How do you win a race?   

You can hobble and try to slow down your opponent.   

Or you can run faster yourself.   

In the effort to lead – and define the values of – critical technologies, the United States and China are engaged in a great race.    

The United States has the most innovative society on earth, and can continue to lead if its scholars and researchers are given the right incentives. So far, the U.S. government and Congress have focused most of their energy on slowing China down through ever more stringent export controls, and preventing U.S. companies from investing in Chinese technology. The bipartisan desire to “hobble” China has made important inroads, but the strategy is fast reaching its limits.  


There is an alternative way to lead: jumpstarting our own innovation ecosystem by – among other things – fully funding the science portion of the CHIPS and Science Act. 

A year ago, the Biden administration and U.S. Congress – in a welcome show of bipartisanship –tried to help America’s most innovative scientists and companies run faster.  

Congress passed the CHIPS and Science Act with huge bipartisan support in July 2022. It authorized (but did not appropriate) $174 billion over the next five years for scientific research, especially into artificial intelligence, robotics, quantum computing, and a variety of other technologies. Senate Majority Leader Chuck Schumer (D-N.Y.) hailed the legislation, saying it will “go down as one of the major bipartisan achievements of this Congress.” 

Yet, for all the self-congratulatory talk – the science portion of the measure is not funded.  Significant gaps remain: Fiscal year 2023 funding was nearly $3 billion short of the authorized targets to go towards the National Science Foundation, the Department of Energy’s Office of Science, and the National Institute of Standards and Technology, while the 2024 request for these agencies falls over $5 billion short.   

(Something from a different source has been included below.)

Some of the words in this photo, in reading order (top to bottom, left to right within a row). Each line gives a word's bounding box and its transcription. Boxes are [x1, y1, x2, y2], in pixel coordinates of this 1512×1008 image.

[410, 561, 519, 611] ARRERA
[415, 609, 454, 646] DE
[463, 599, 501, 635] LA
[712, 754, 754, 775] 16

Fully funding the Science Act would be money well spent.  Several studies have shown that every dollar spent on government R&D has at least five dollars’ worth of positive effects on society. 

Funding for the Science Act would not be particularly generous or out of line with U.S. history. In the 1960s, the federal government spent almost 6 percent of the total federal budget on non-defense R&D. That amount has dwindled dramatically since 1968, and for the past few decades, has hovered at less than 2 percent. Even with the Science Act, R&D would constitute just about or a little over 2 percent of the budget – a modest and worthwhile investment.  

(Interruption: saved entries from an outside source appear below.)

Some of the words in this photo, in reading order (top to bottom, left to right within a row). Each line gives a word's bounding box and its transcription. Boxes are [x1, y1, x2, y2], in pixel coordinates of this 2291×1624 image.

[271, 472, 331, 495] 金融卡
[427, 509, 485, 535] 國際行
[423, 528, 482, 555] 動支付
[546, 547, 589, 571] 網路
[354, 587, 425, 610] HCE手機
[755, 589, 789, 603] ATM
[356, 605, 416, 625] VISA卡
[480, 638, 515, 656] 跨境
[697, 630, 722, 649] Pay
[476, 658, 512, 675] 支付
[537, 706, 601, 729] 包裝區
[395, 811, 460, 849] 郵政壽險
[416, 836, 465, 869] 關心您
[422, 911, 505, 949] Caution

This strategy has paid off handsomely in the past. Science-related investments made during the Republican Eisenhower administration trained a generation of the world’s best scientists, helped the U.S. win the Cold War, and resulted in enormous societal benefit that went beyond geo-politics. The internet, GPS satellites, the Google search engine, and the life-saving COVID vaccines all began with federal R&D dollars, to name just a few examples. 

Limited additional investments could have a transformative impact: for example, in AI, universities and government labs alone don’t have the resources to train large language models – so U.S. progress in this field is dependent on a few large companies. With some investment, a National AI Research Resource could unlock huge leaps in fusion technology or rapid, life-saving drug discovery. In biology, some public investment could jump-start our synthetic biology manufacturing sector, create high-quality jobs domestically, and avoid past mistakes such as the rapid off-shoring to China of US-invented battery technology.  

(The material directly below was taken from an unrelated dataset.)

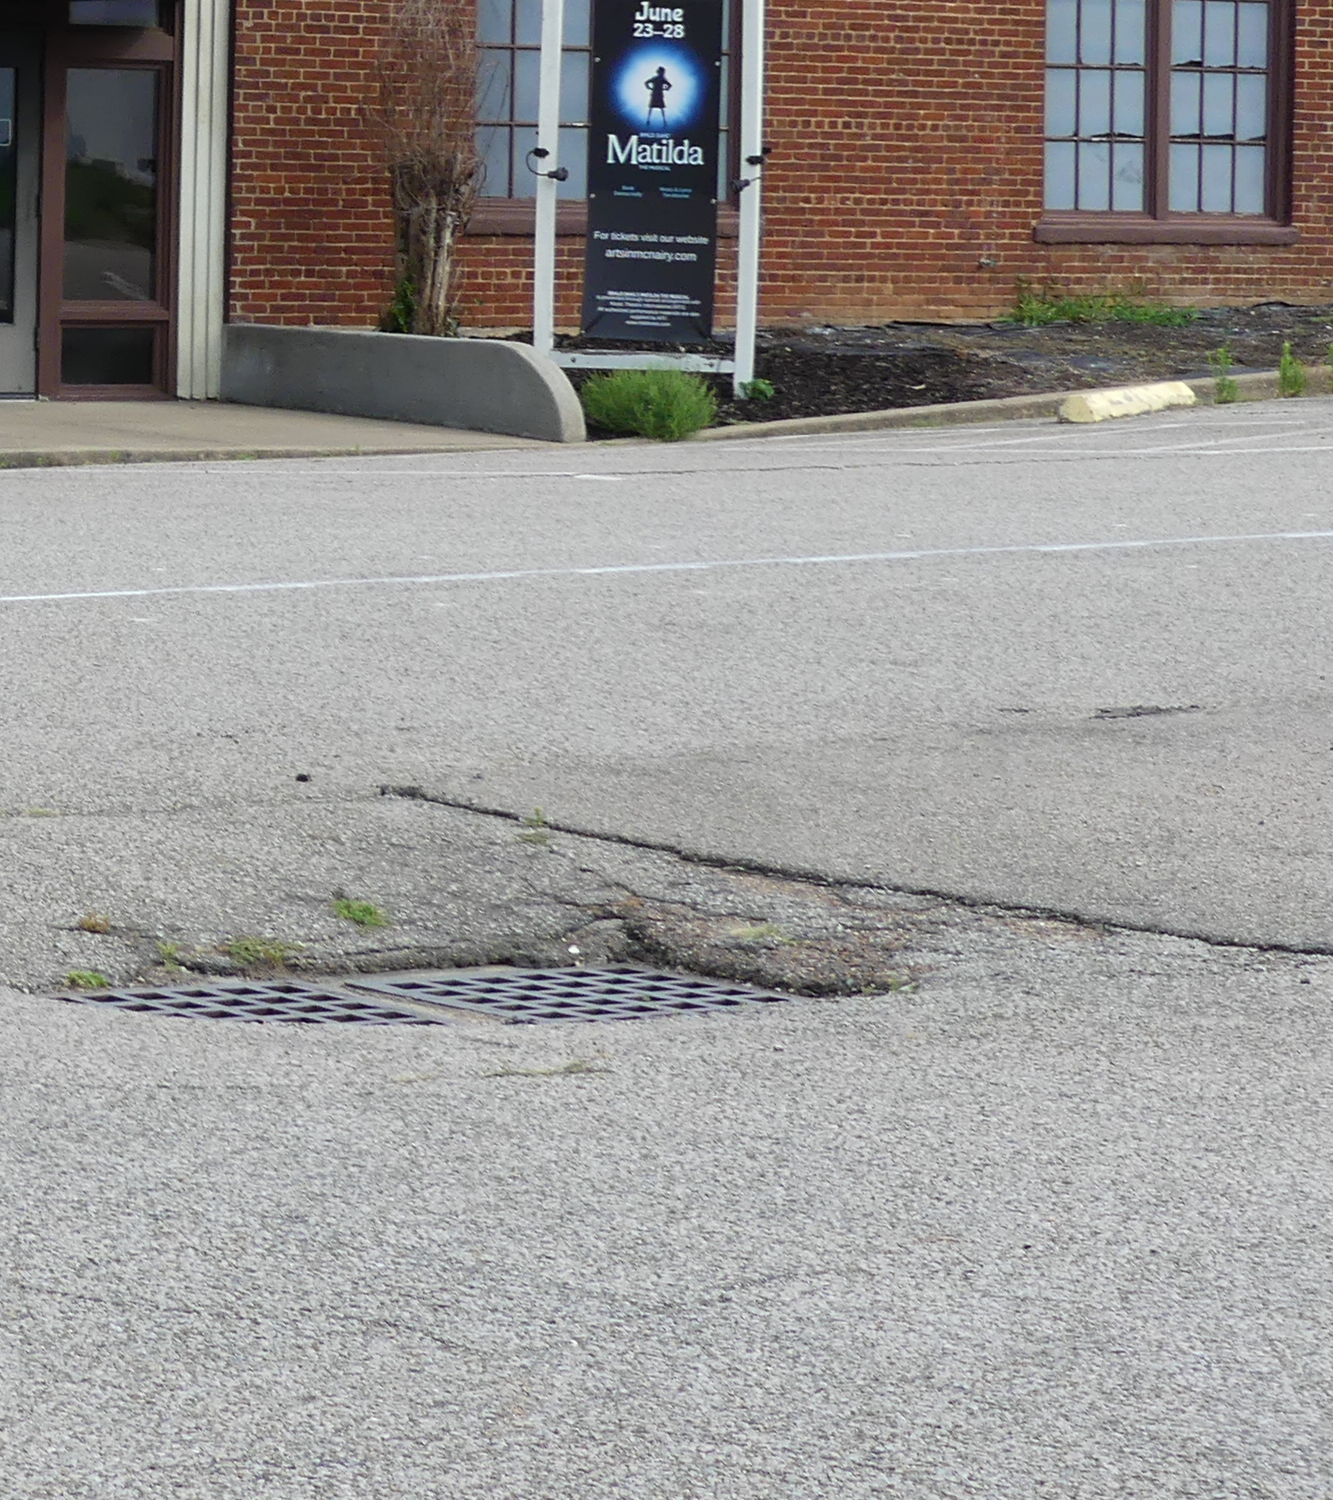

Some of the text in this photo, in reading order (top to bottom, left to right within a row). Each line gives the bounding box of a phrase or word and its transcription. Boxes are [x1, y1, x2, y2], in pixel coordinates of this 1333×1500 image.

[635, 1, 684, 21] June
[606, 133, 705, 165] Matilda
[593, 230, 709, 244] For tickets visit our website
[605, 248, 697, 262] artsinmcnairy.com

The U.S is in danger of letting a transformative opportunity slip away. After passing the CHIPS and Science Act, some now argue for drastic cuts in the proposed spending, claiming that it is less critical because it is not directly related to defense, and that it is cheaper to constraining China’s technological capabilities. Many in Congress are understandably worried about deficits, but it would be shortsighted to cut back on our national R&D efforts. 

There is no better, more efficient way to protect U.S. national security than to ensure that – in this technological race – we have what it takes to lead. Let’s not let the impressive, bipartisan achievement of the CHIPS and Science Act go to waste.  It’s time to run faster. 

Anja Manuel is the executive director of the Aspen Security Forum.